Return the listing below exactly, with the pictures dropped.
*** Block opens ***
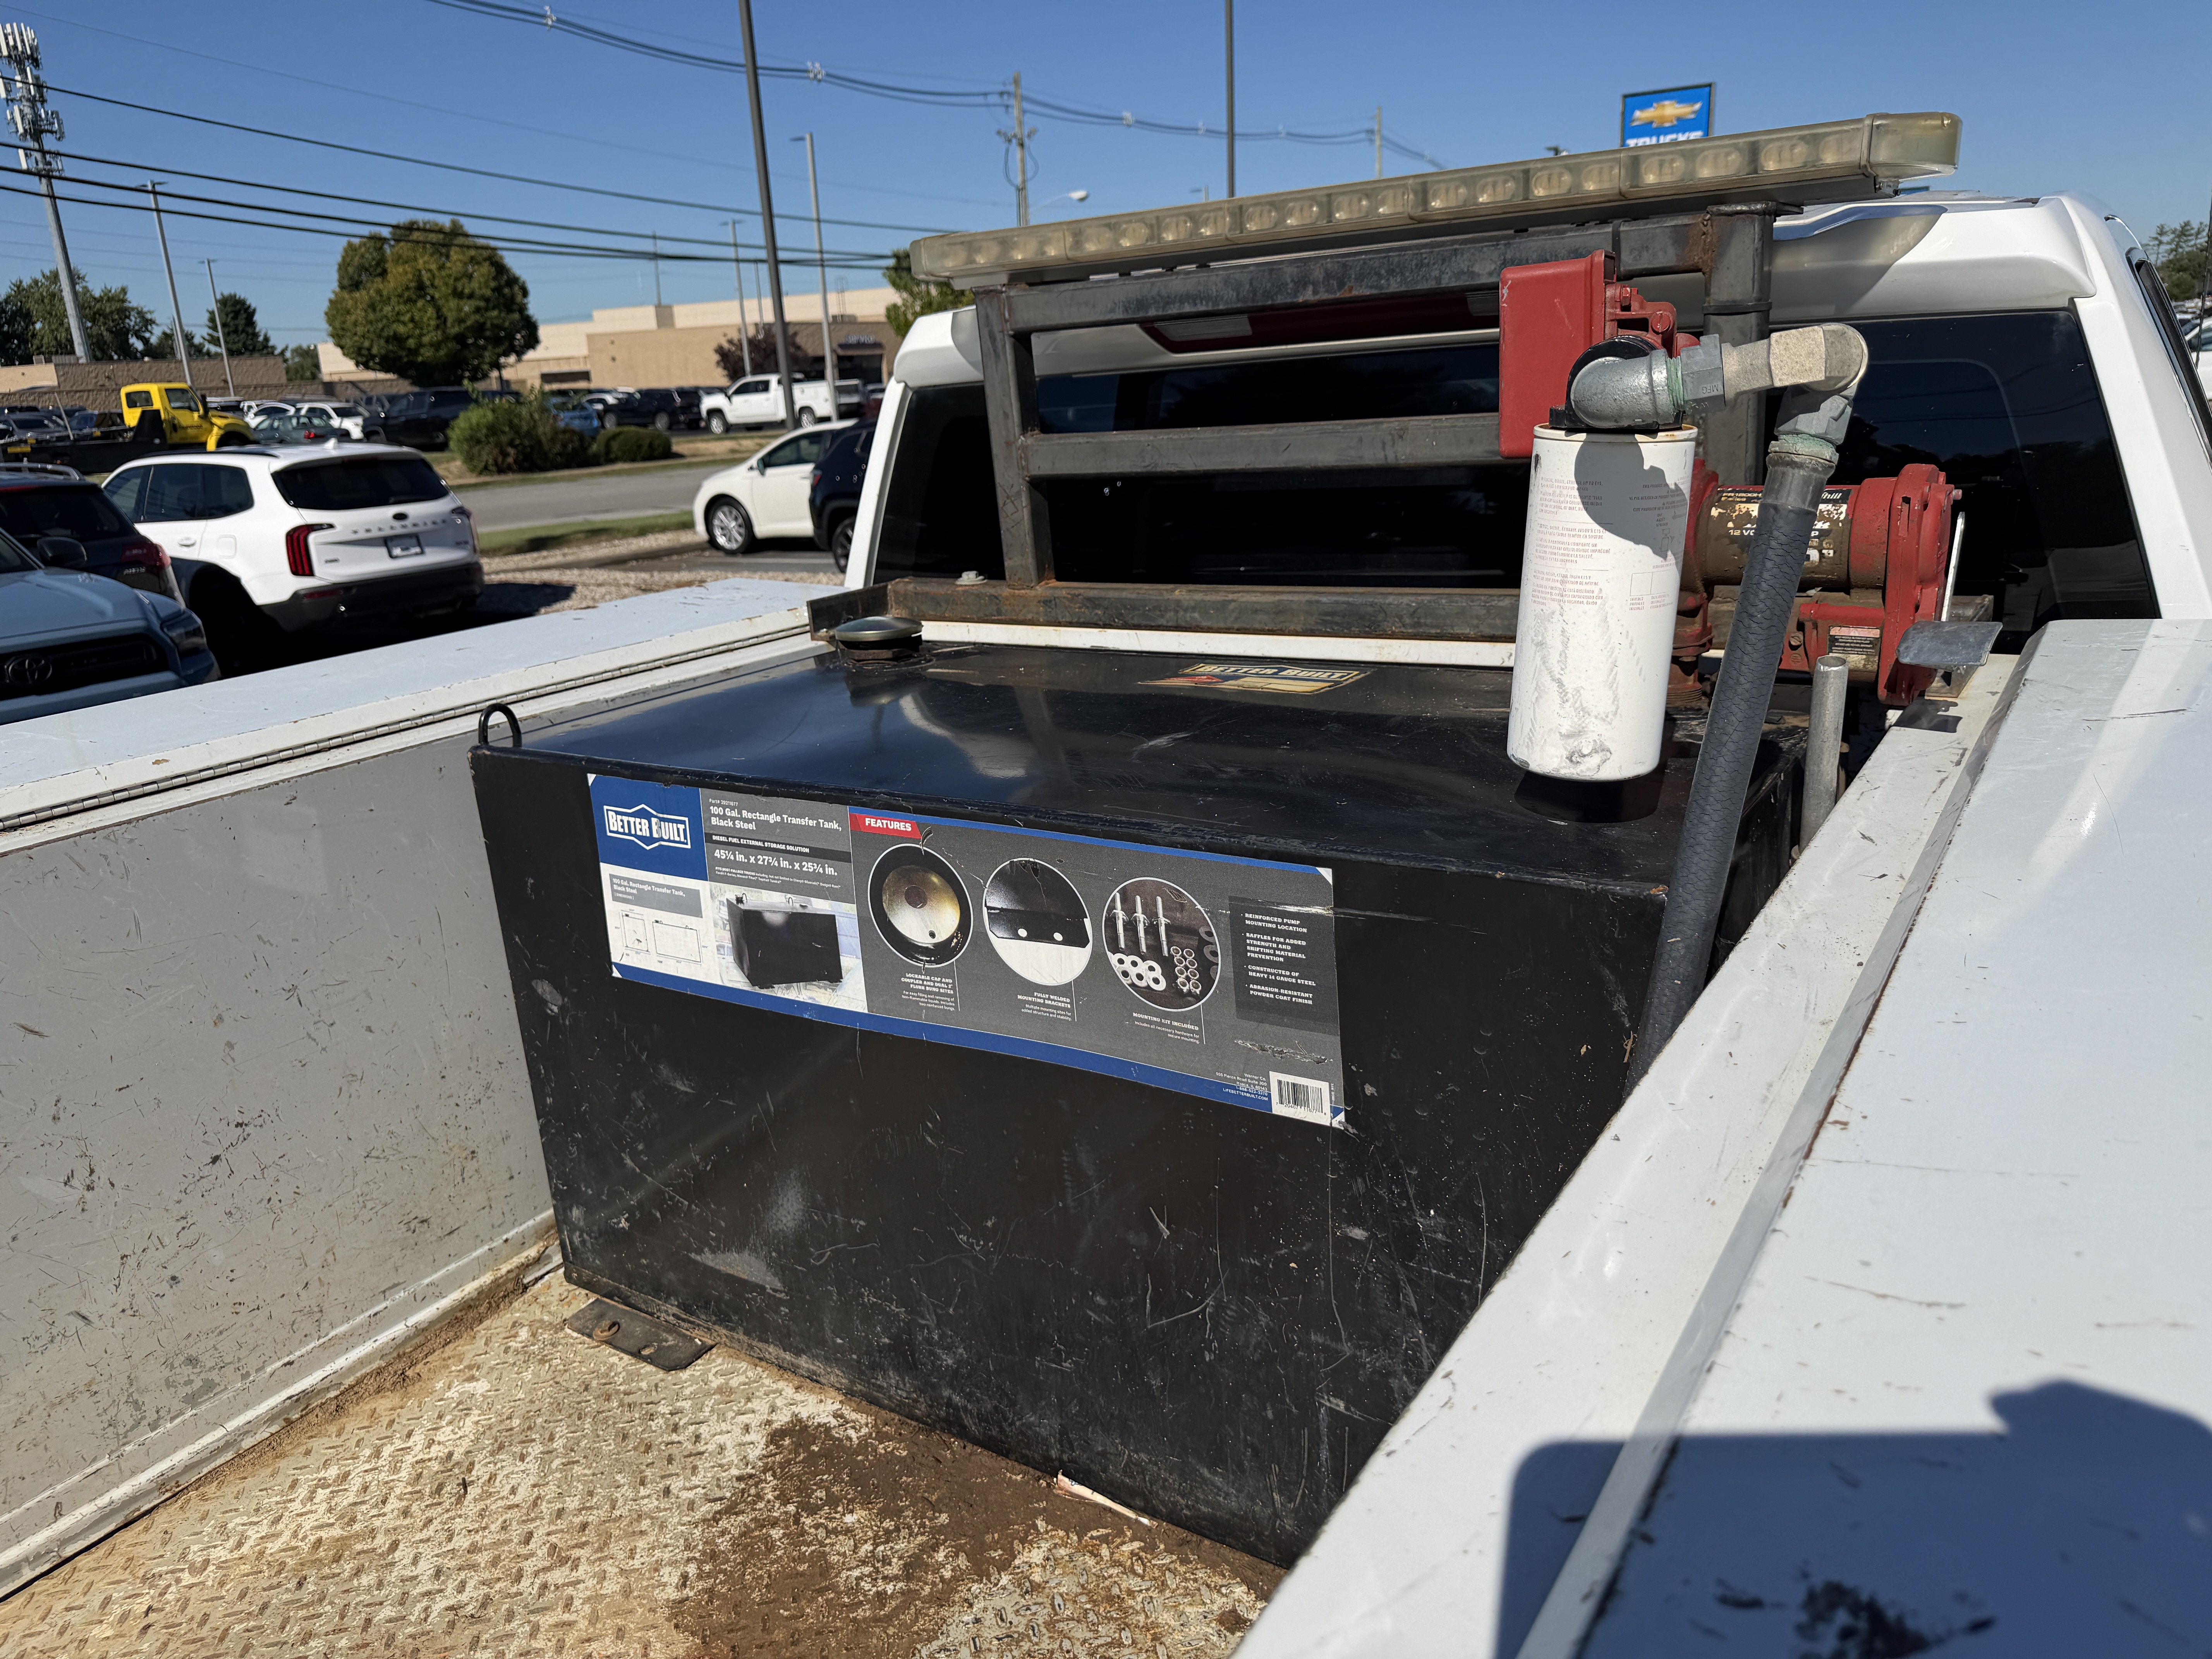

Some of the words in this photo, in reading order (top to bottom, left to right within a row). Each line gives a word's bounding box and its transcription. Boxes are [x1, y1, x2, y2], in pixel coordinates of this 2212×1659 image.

[1195, 666, 1278, 675] BETTER
[1278, 670, 1348, 679] BUILT
[608, 811, 650, 836] BETTER
[710, 806, 723, 815] 100
[725, 808, 740, 817] Gal.
[742, 810, 781, 823] Rectangle
[782, 814, 817, 826] Transfer
[818, 819, 842, 831] Tank,
[711, 817, 733, 827] Black
[735, 820, 756, 830] Steel
[865, 818, 912, 831] FEATURES
[736, 851, 747, 862] in.
[780, 857, 792, 869] in.
[794, 862, 800, 870] x
[825, 864, 837, 876] in.
[630, 881, 651, 891] Rectangle
[652, 886, 671, 894] Transfer
[672, 889, 685, 897] Tank,
[1245, 913, 1282, 922] REINFORCED
[1245, 920, 1276, 928] MOUNTING
[1278, 924, 1307, 933] LOCATION
[1246, 939, 1277, 948] STRENGTH
[1247, 952, 1284, 962] PREVENTION
[1275, 950, 1306, 958] MATERIAL
[1248, 965, 1290, 975] CONSTRUCTED
[1250, 984, 1313, 998] ABRASION-RESISTANT
[1017, 995, 1044, 1003] MOUNTING
[1045, 1000, 1071, 1008] BRACKETS
[1133, 1013, 1160, 1022] MOUNTING
[1172, 1021, 1199, 1030] INCLUDED
[1156, 1025, 1174, 1033] necessary
[1223, 1088, 1268, 1101] LIFEBETTERBUILT.COM
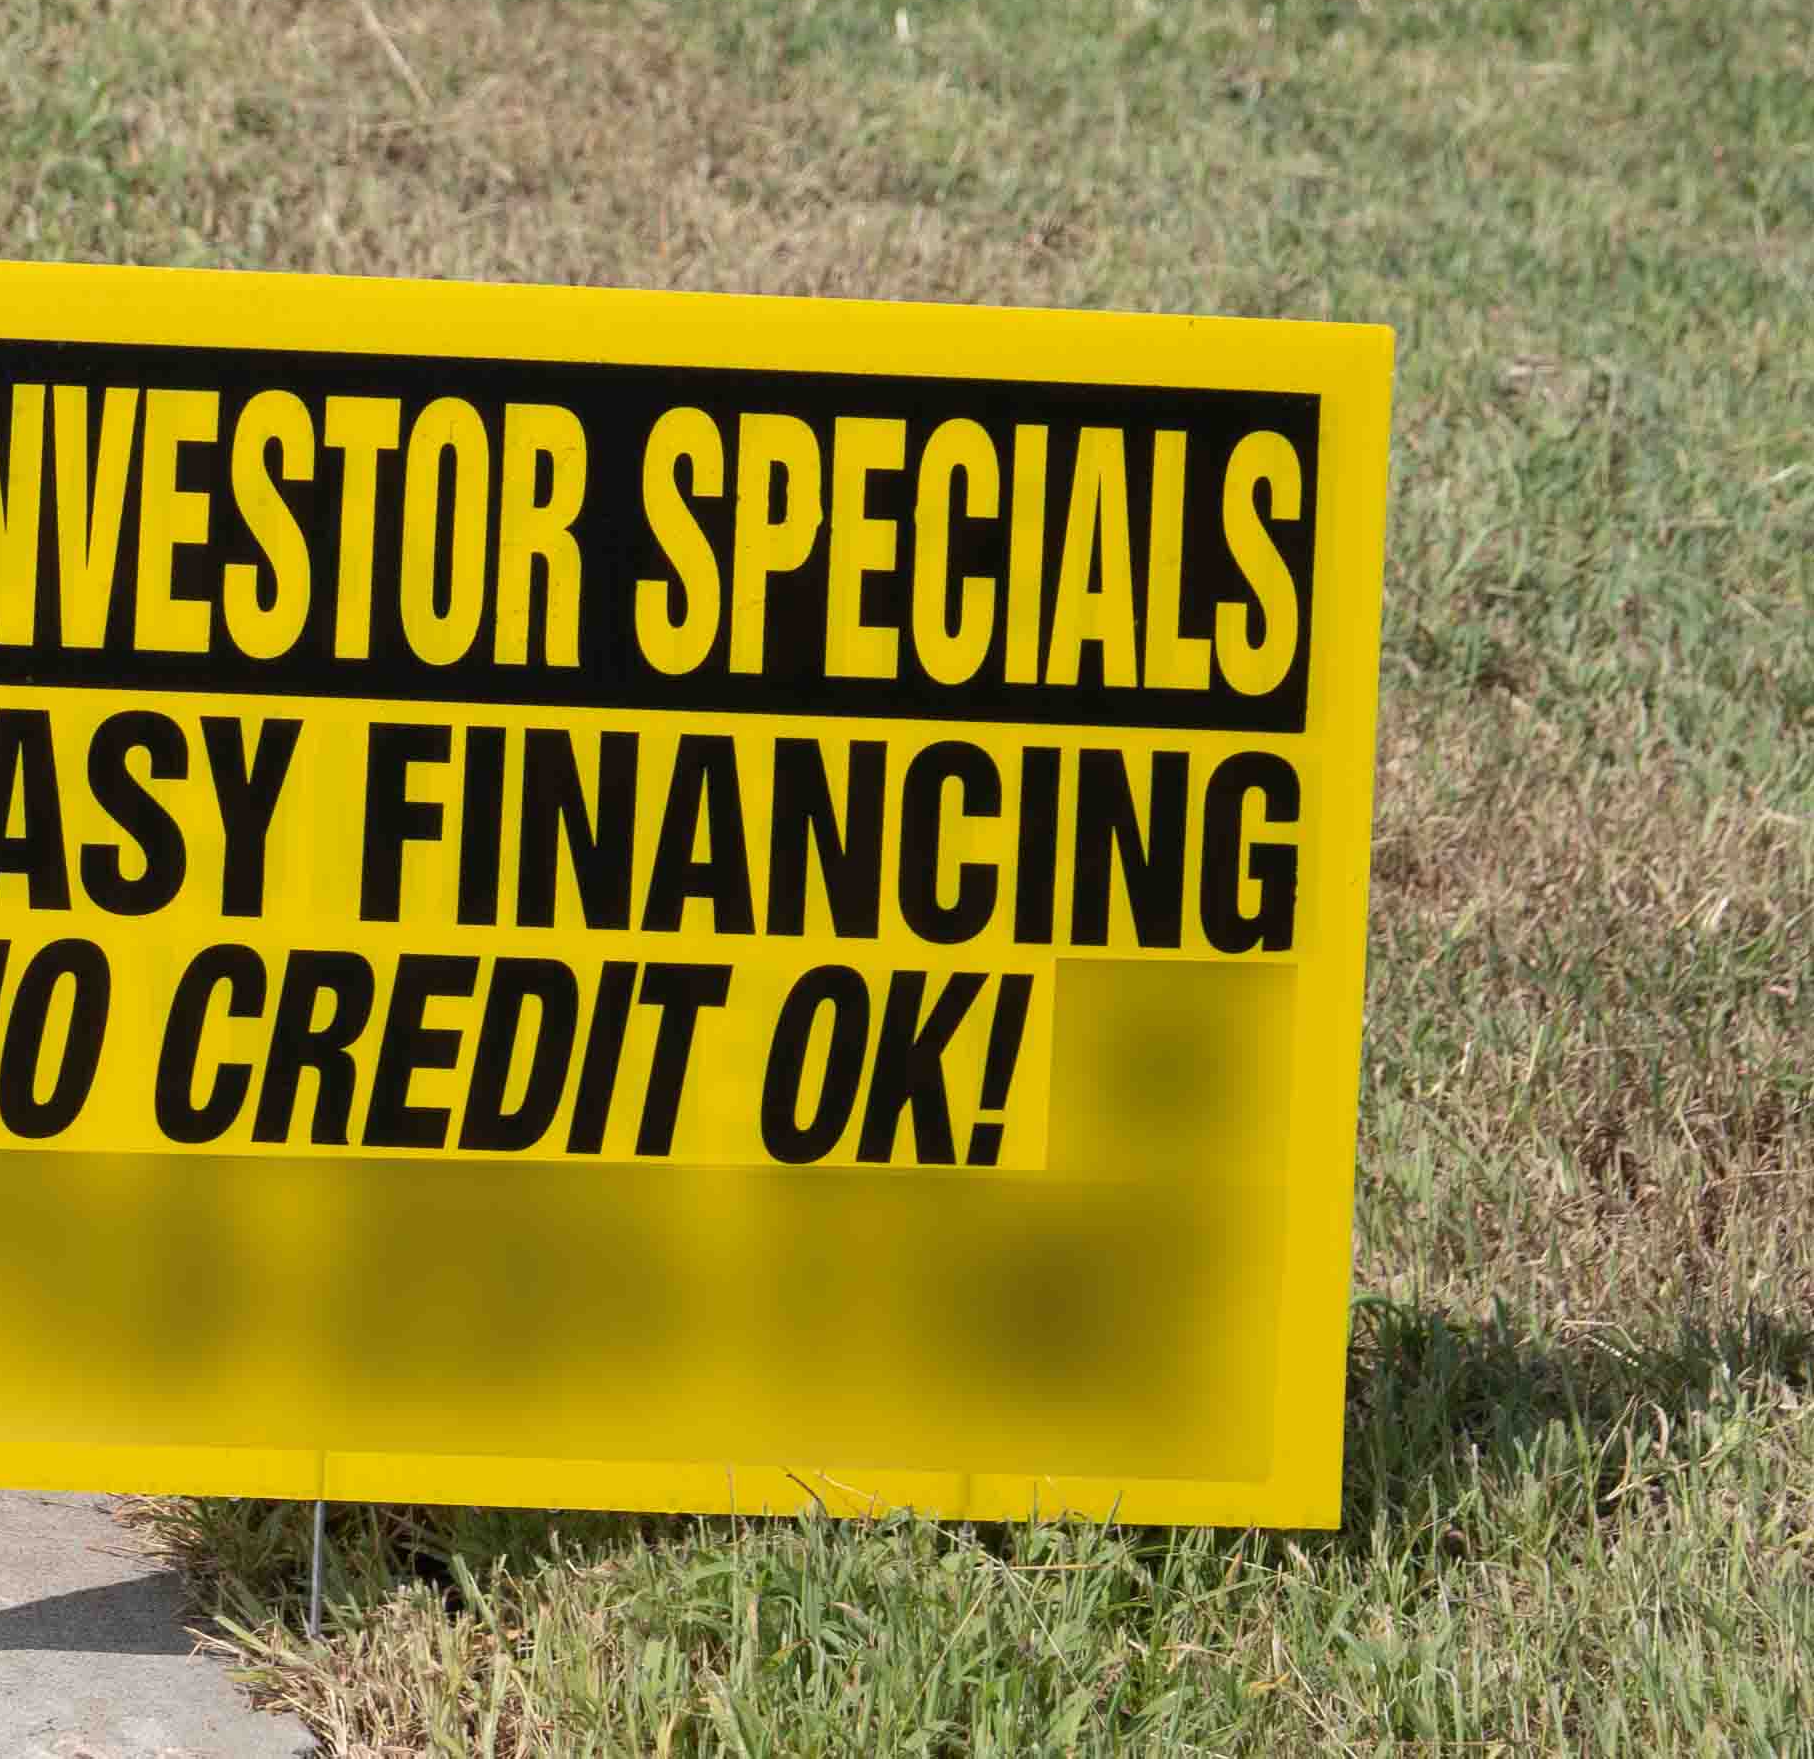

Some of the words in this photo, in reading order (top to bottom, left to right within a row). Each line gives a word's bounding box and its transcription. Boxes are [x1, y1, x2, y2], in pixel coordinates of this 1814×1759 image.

[634, 406, 1302, 696] SPECIALS
[359, 721, 1301, 955] FINANCING
[154, 943, 734, 1157] CREDIT
[760, 964, 1035, 1167] OK!
*** Block closes ***
EXERCISE OUTPUT:
Some of the words in this photo, in reading order (top to bottom, left to right within a row). Each line gives a word's bounding box and its transcription. Boxes are [x1, y1, x2, y2], in pixel coordinates of this 2212×1659 image.

[1195, 666, 1278, 675] BETTER
[1278, 670, 1348, 679] BUILT
[608, 811, 650, 836] BETTER
[710, 806, 723, 815] 100
[725, 808, 740, 817] Gal.
[742, 810, 781, 823] Rectangle
[782, 814, 817, 826] Transfer
[818, 819, 842, 831] Tank,
[711, 817, 733, 827] Black
[735, 820, 756, 830] Steel
[865, 818, 912, 831] FEATURES
[736, 851, 747, 862] in.
[780, 857, 792, 869] in.
[794, 862, 800, 870] x
[825, 864, 837, 876] in.
[630, 881, 651, 891] Rectangle
[652, 886, 671, 894] Transfer
[672, 889, 685, 897] Tank,
[1245, 913, 1282, 922] REINFORCED
[1245, 920, 1276, 928] MOUNTING
[1278, 924, 1307, 933] LOCATION
[1246, 939, 1277, 948] STRENGTH
[1247, 952, 1284, 962] PREVENTION
[1275, 950, 1306, 958] MATERIAL
[1248, 965, 1290, 975] CONSTRUCTED
[1250, 984, 1313, 998] ABRASION-RESISTANT
[1017, 995, 1044, 1003] MOUNTING
[1045, 1000, 1071, 1008] BRACKETS
[1133, 1013, 1160, 1022] MOUNTING
[1172, 1021, 1199, 1030] INCLUDED
[1156, 1025, 1174, 1033] necessary
[1223, 1088, 1268, 1101] LIFEBETTERBUILT.COM

Some of the words in this photo, in reading order (top to bottom, left to right within a row). Each line gives a word's bounding box and its transcription. Boxes are [x1, y1, x2, y2], in pixel coordinates of this 1814×1759 image.

[634, 406, 1302, 696] SPECIALS
[359, 721, 1301, 955] FINANCING
[154, 943, 734, 1157] CREDIT
[760, 964, 1035, 1167] OK!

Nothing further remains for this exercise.